For enforcement, which is ultimately the point, Motus provides the data infrastructure that the current registration system lacks. A system that can verify identity, validate business legitimacy, flag related applications, and integrate with inspection and violation databases in real time can catch the next ghost fleet before it accumulates 7,505 inspections across 46 states under 32 nominally separate authorities. That is the end state. It is not here yet. It is coming.
Where we go from here
The bugs need to be fixed, and they need to be fixed fast. Carriers that cannot access the system cannot comply with the law, and carriers should not be penalized for a system failure that is not their fault. FMCSA has already indicated that it will not cite carriers for compliance issues caused by Motus access problems, and the agency needs to make that commitment explicit, public, and enforceable for as long as the transition issues persist.

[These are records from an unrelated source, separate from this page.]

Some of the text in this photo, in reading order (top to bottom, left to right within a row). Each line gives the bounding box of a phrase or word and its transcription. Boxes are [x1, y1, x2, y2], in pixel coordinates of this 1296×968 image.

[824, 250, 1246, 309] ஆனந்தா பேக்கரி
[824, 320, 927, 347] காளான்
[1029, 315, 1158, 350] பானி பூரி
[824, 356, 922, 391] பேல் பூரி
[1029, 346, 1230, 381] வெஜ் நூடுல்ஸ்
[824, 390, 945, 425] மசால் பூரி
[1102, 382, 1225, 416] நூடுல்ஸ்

As an industry, we should also give this administration credit for doing what the two previous administrations did not. The Obama administration started URS and stalled it. The Biden administration inherited the stall and let it sit. The current administration, under Barrs and Duffy, decided to build, fund, staff, and launch a new system, knowing the transition would be painful and that the political cost of a rough rollout would fall on them. They launched it anyway because the old system was failing in ways that were getting people killed, and because a statutory mandate that Congress passed in 2012 has not been fulfilled.

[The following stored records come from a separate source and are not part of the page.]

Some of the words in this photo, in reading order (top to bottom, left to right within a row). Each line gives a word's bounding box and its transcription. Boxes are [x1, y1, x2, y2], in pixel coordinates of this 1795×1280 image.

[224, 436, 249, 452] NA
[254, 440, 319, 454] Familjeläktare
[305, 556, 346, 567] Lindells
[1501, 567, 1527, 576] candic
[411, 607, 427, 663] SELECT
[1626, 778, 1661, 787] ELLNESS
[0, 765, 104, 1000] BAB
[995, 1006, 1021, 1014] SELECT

Administrator Barrs has said the agency bit off more than it could chew and would keep chewing anyway. That was about the chameleon carrier crackdown, but it applies here too. Motus is the infrastructure that makes the crackdown stick. Without a registration system that can verify identity and validate business legitimacy at the point of entry, every carrier the agency shuts down can walk back in under a new name within days. We documented exactly that pattern in the hotshot ghost fleet investigation. Thirty-two carriers, 6,082 VINs, and every time the agency killed one authority, the trucks were running under a new one within 48 hours. The FMCSA shut them down just as fast. The fraudsters are on the run. The issue is, they're like roaches, so the work must continue both at the front door and within the nest. That is what a registration system without identity verification allows. Motus is built to stop it. It is not there yet. It will be, and when it is, the industry will look back on this launch the way it looks back on the ELD mandate, a painful transition that nobody enjoyed going through and nobody wants to go through again.